What This Document Is
This document provides a foundational overview of key concepts essential for analyzing correlated data, specifically within the context of longitudinal studies. It’s designed as a concentrated resource for students in Biostatistics 411 at UCLA, focusing on the theoretical underpinnings needed to successfully approach more complex analyses. It serves as a core reference point for understanding the nuances of data collected over time.
Why This Document Matters
Students enrolled in courses on longitudinal data analysis, repeated measures, or mixed-effects modeling will find this resource particularly valuable. It’s ideal for use at the beginning of a unit on correlated data, or as a refresher for those with prior exposure. Researchers planning or conducting studies involving repeated observations on the same subjects will also benefit from a solid grasp of these fundamental principles. Access to the full content will empower you to confidently tackle advanced techniques and interpret results accurately.
Topics Covered
* Goals and applications of longitudinal data analysis
* Different experimental designs in longitudinal studies (observational, intervention, trials, chart review)

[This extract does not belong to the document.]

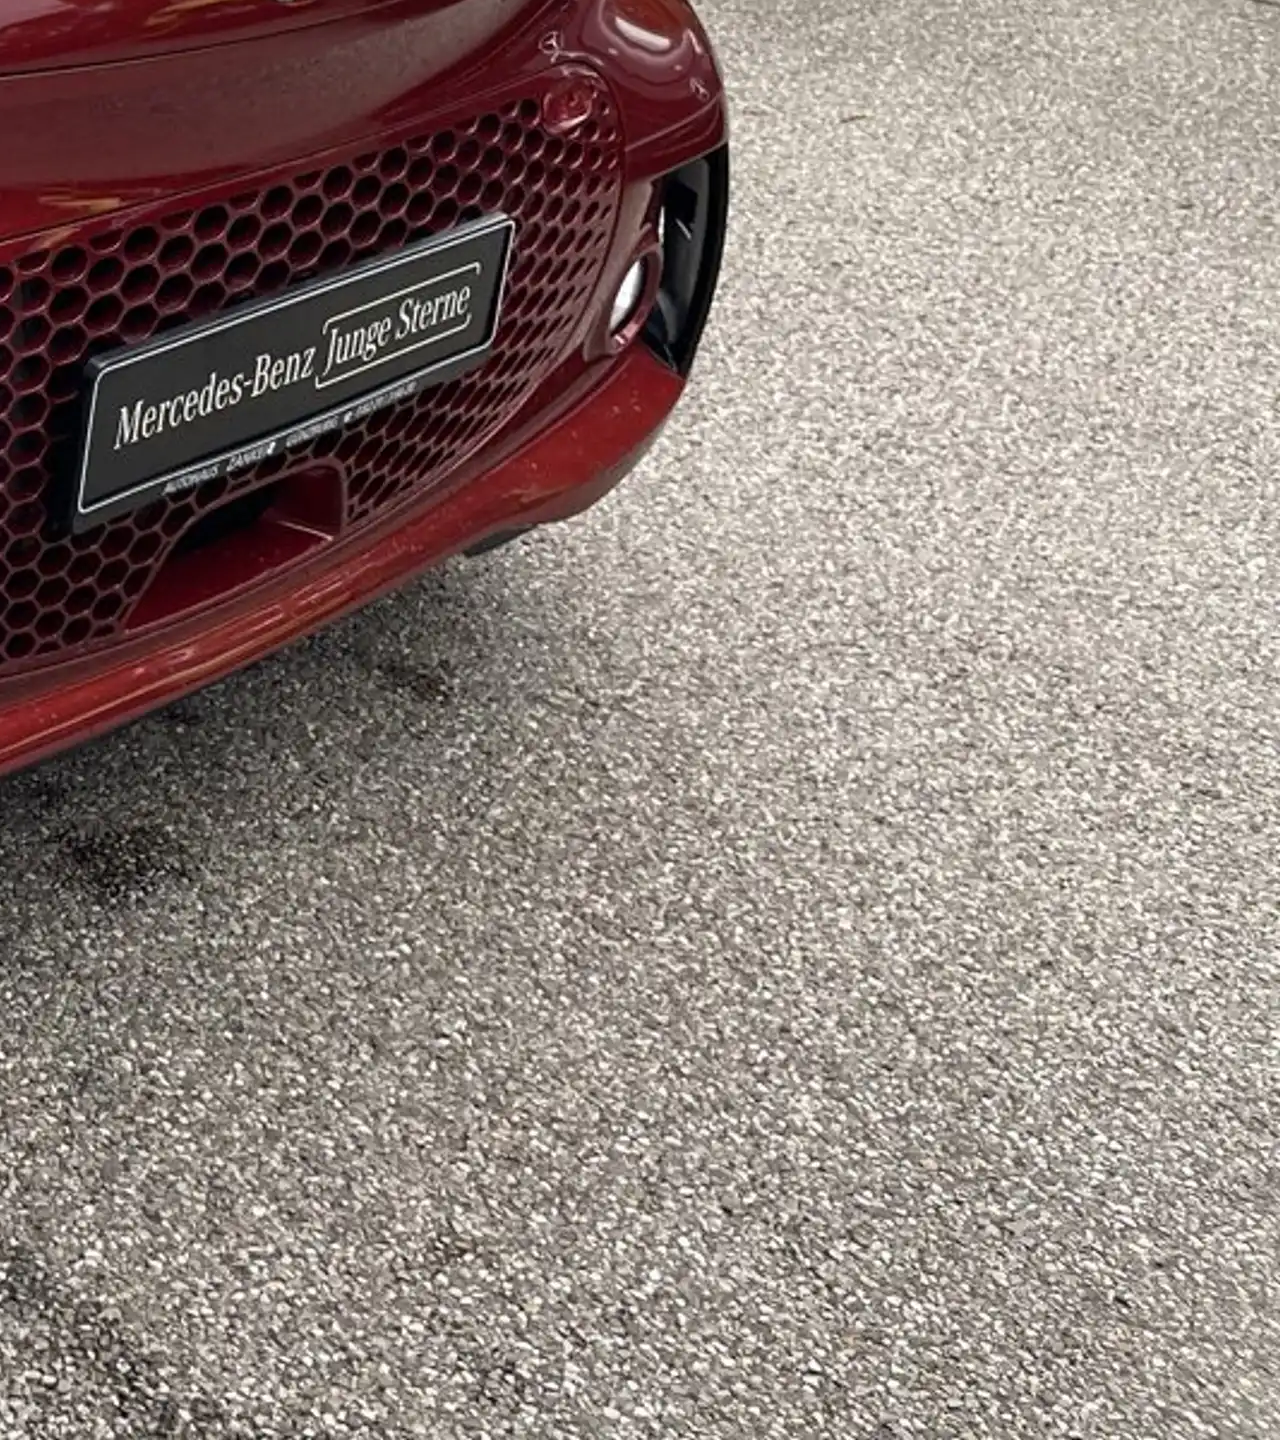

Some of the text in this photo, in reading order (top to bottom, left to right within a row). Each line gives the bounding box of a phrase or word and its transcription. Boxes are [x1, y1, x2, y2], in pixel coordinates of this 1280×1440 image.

[112, 346, 317, 450] Mercedes-Benz
[323, 328, 392, 376] Junge
[395, 286, 471, 340] Sterne

* Defining and categorizing time scales in longitudinal data
* Types of data collection schedules (balanced, unbalanced, and those with missing data)

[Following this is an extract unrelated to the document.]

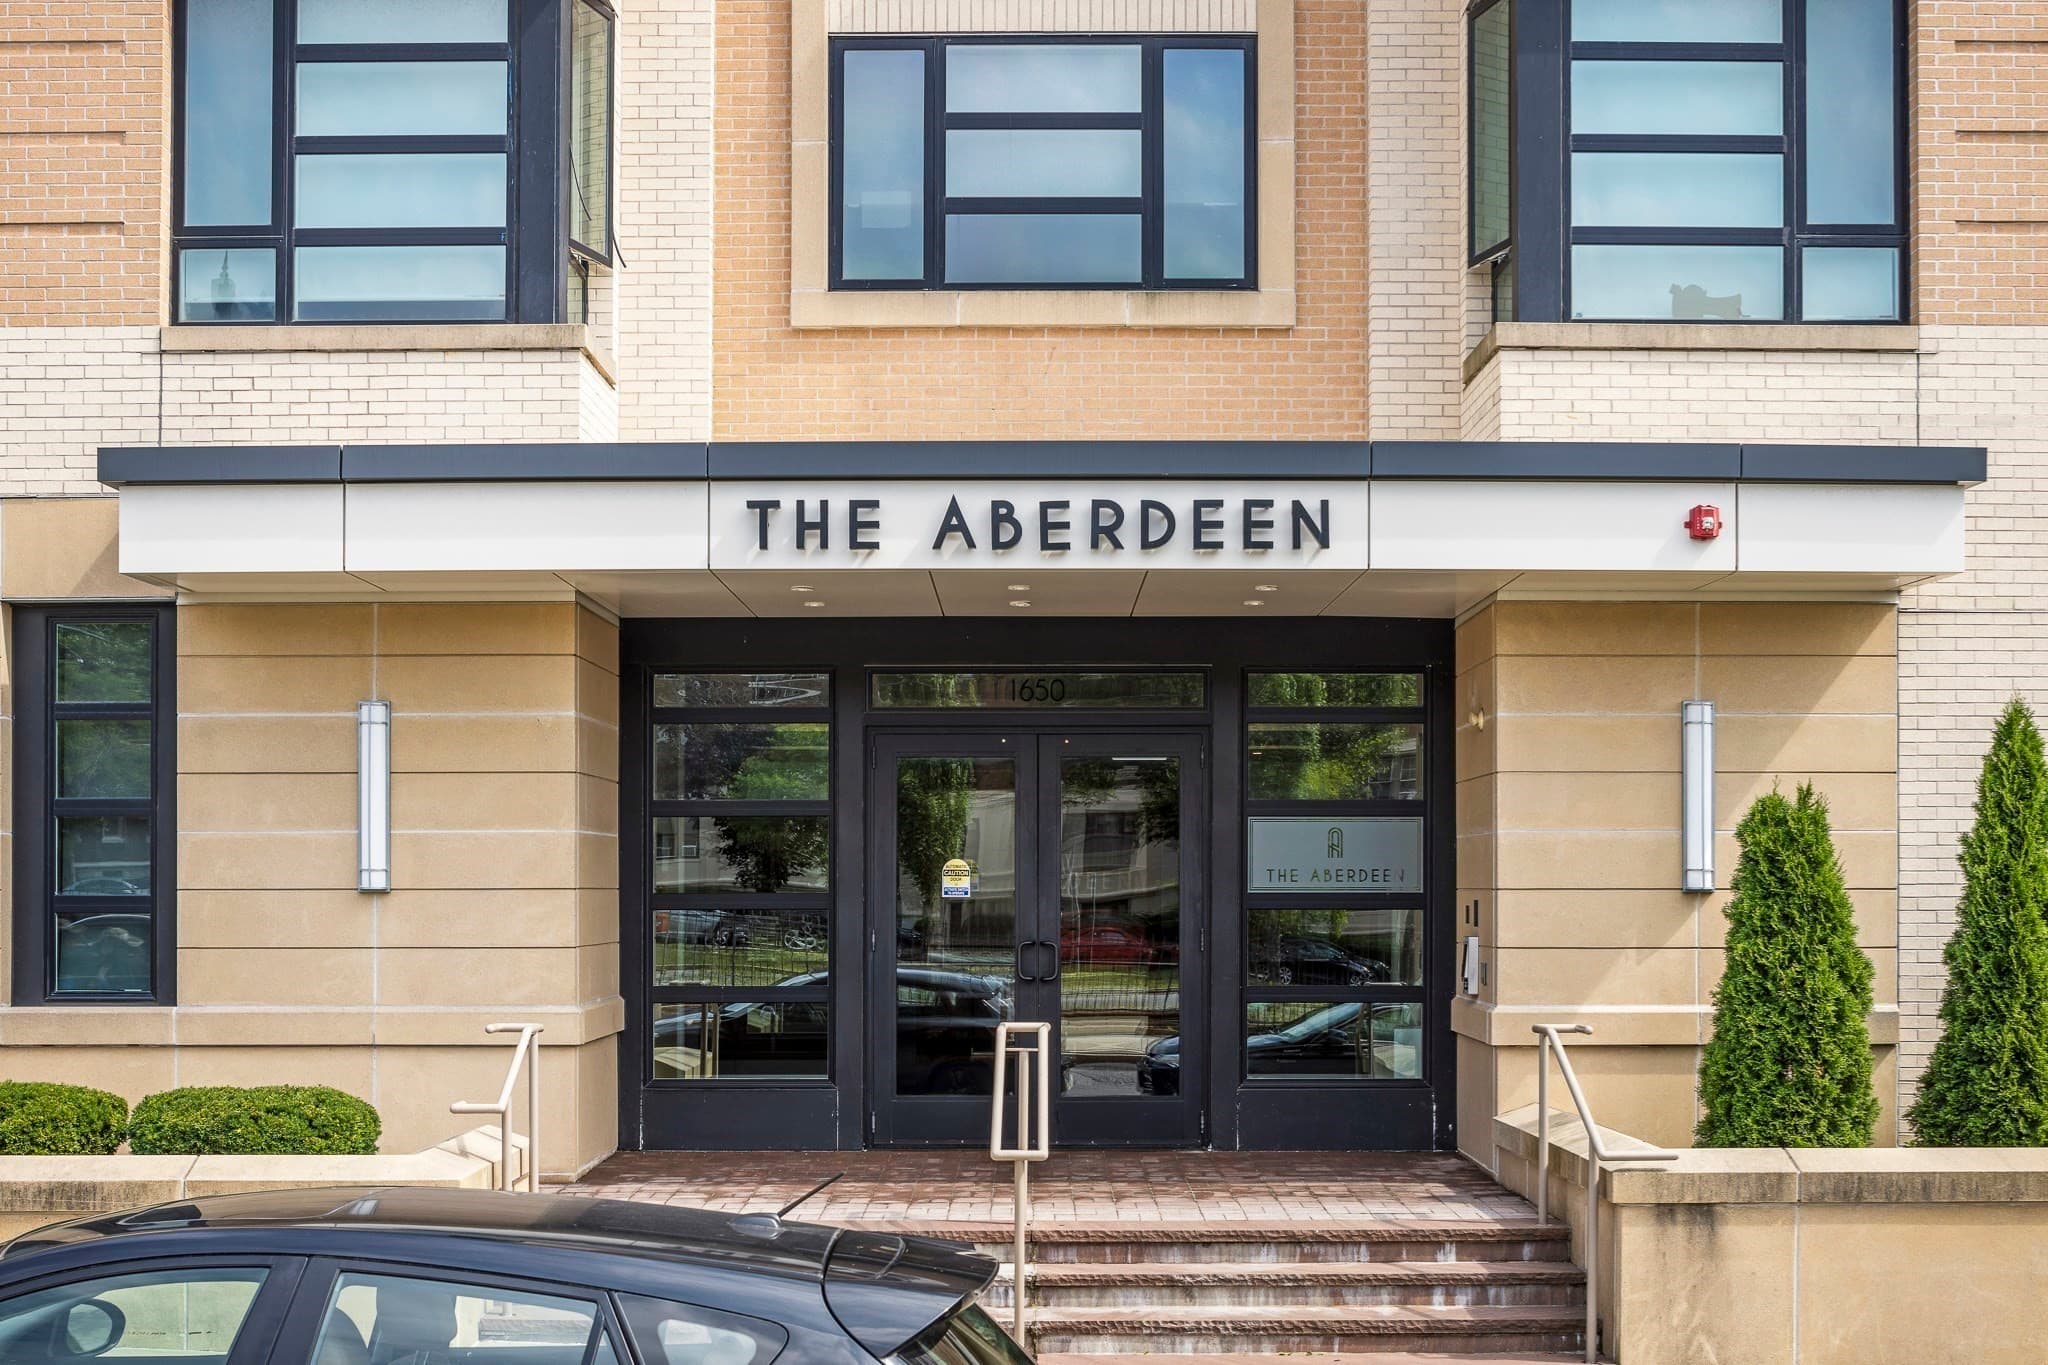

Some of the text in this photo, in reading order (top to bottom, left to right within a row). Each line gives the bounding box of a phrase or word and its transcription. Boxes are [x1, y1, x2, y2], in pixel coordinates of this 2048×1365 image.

[747, 495, 1330, 550] THE ABERDEEN
[1011, 679, 1065, 701] 1650
[1266, 868, 1299, 882] THE

* The role of predictors in longitudinal models
* Understanding variations in individual paths and population mean values
* Distinguishing between nominal and actual times of observation
What This Document Provides
* A clear outline of core concepts related to longitudinal data.
* A framework for understanding the complexities of study design in longitudinal research.
* An exploration of different approaches to measuring time in longitudinal studies.
* A discussion of the implications of missing data in longitudinal analyses.
* Contextual information regarding required readings and lab assignments for the course.